*Task directions:*
Each entry must appear in the answer exactly as it does here.
★ ★ ★ ★ ★ ★ ★
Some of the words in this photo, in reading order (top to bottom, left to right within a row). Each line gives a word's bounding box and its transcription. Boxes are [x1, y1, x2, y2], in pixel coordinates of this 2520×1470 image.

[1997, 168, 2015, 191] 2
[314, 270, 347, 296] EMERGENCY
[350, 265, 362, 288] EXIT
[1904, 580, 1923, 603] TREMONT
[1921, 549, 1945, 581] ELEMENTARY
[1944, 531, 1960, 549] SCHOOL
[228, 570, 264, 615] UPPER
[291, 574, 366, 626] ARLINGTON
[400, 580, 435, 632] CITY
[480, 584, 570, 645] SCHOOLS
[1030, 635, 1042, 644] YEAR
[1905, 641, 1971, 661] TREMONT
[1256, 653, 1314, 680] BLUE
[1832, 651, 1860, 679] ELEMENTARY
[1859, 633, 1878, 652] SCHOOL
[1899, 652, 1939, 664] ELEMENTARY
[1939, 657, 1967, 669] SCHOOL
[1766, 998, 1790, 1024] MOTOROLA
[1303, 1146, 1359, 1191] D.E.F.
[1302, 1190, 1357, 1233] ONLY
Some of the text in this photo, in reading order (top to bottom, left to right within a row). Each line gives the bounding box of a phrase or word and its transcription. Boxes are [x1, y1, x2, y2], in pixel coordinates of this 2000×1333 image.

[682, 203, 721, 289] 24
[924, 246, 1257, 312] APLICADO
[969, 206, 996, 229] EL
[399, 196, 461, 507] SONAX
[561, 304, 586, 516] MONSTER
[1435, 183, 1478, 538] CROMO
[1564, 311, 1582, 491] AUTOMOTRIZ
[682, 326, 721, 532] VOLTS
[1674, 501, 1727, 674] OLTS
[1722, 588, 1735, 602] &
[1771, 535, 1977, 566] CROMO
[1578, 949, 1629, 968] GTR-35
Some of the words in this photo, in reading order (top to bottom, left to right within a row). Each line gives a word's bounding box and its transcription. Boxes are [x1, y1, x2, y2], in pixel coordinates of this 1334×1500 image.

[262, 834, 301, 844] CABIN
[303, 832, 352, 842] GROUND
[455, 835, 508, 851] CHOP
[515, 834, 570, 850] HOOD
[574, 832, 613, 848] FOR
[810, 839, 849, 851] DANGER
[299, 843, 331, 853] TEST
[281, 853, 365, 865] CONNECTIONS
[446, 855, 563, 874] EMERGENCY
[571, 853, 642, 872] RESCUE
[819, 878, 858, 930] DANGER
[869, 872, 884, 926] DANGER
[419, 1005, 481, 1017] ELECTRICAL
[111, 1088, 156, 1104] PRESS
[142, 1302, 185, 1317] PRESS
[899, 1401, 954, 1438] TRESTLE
★ ★ ★ ★ ★ ★ ★
*Answer box:*
Some of the words in this photo, in reading order (top to bottom, left to right within a row). Each line gives a word's bounding box and its transcription. Boxes are [x1, y1, x2, y2], in pixel coordinates of this 2520×1470 image.

[1997, 168, 2015, 191] 2
[314, 270, 347, 296] EMERGENCY
[350, 265, 362, 288] EXIT
[1904, 580, 1923, 603] TREMONT
[1921, 549, 1945, 581] ELEMENTARY
[1944, 531, 1960, 549] SCHOOL
[228, 570, 264, 615] UPPER
[291, 574, 366, 626] ARLINGTON
[400, 580, 435, 632] CITY
[480, 584, 570, 645] SCHOOLS
[1030, 635, 1042, 644] YEAR
[1905, 641, 1971, 661] TREMONT
[1256, 653, 1314, 680] BLUE
[1832, 651, 1860, 679] ELEMENTARY
[1859, 633, 1878, 652] SCHOOL
[1899, 652, 1939, 664] ELEMENTARY
[1939, 657, 1967, 669] SCHOOL
[1766, 998, 1790, 1024] MOTOROLA
[1303, 1146, 1359, 1191] D.E.F.
[1302, 1190, 1357, 1233] ONLY
Some of the text in this photo, in reading order (top to bottom, left to right within a row). Each line gives the bounding box of a phrase or word and its transcription. Boxes are [x1, y1, x2, y2], in pixel coordinates of this 2000×1333 image.

[682, 203, 721, 289] 24
[924, 246, 1257, 312] APLICADO
[969, 206, 996, 229] EL
[399, 196, 461, 507] SONAX
[561, 304, 586, 516] MONSTER
[1435, 183, 1478, 538] CROMO
[1564, 311, 1582, 491] AUTOMOTRIZ
[682, 326, 721, 532] VOLTS
[1674, 501, 1727, 674] OLTS
[1722, 588, 1735, 602] &
[1771, 535, 1977, 566] CROMO
[1578, 949, 1629, 968] GTR-35
Some of the words in this photo, in reading order (top to bottom, left to right within a row). Each line gives a word's bounding box and its transcription. Boxes are [x1, y1, x2, y2], in pixel coordinates of this 1334×1500 image.

[262, 834, 301, 844] CABIN
[303, 832, 352, 842] GROUND
[455, 835, 508, 851] CHOP
[515, 834, 570, 850] HOOD
[574, 832, 613, 848] FOR
[810, 839, 849, 851] DANGER
[299, 843, 331, 853] TEST
[281, 853, 365, 865] CONNECTIONS
[446, 855, 563, 874] EMERGENCY
[571, 853, 642, 872] RESCUE
[819, 878, 858, 930] DANGER
[869, 872, 884, 926] DANGER
[419, 1005, 481, 1017] ELECTRICAL
[111, 1088, 156, 1104] PRESS
[142, 1302, 185, 1317] PRESS
[899, 1401, 954, 1438] TRESTLE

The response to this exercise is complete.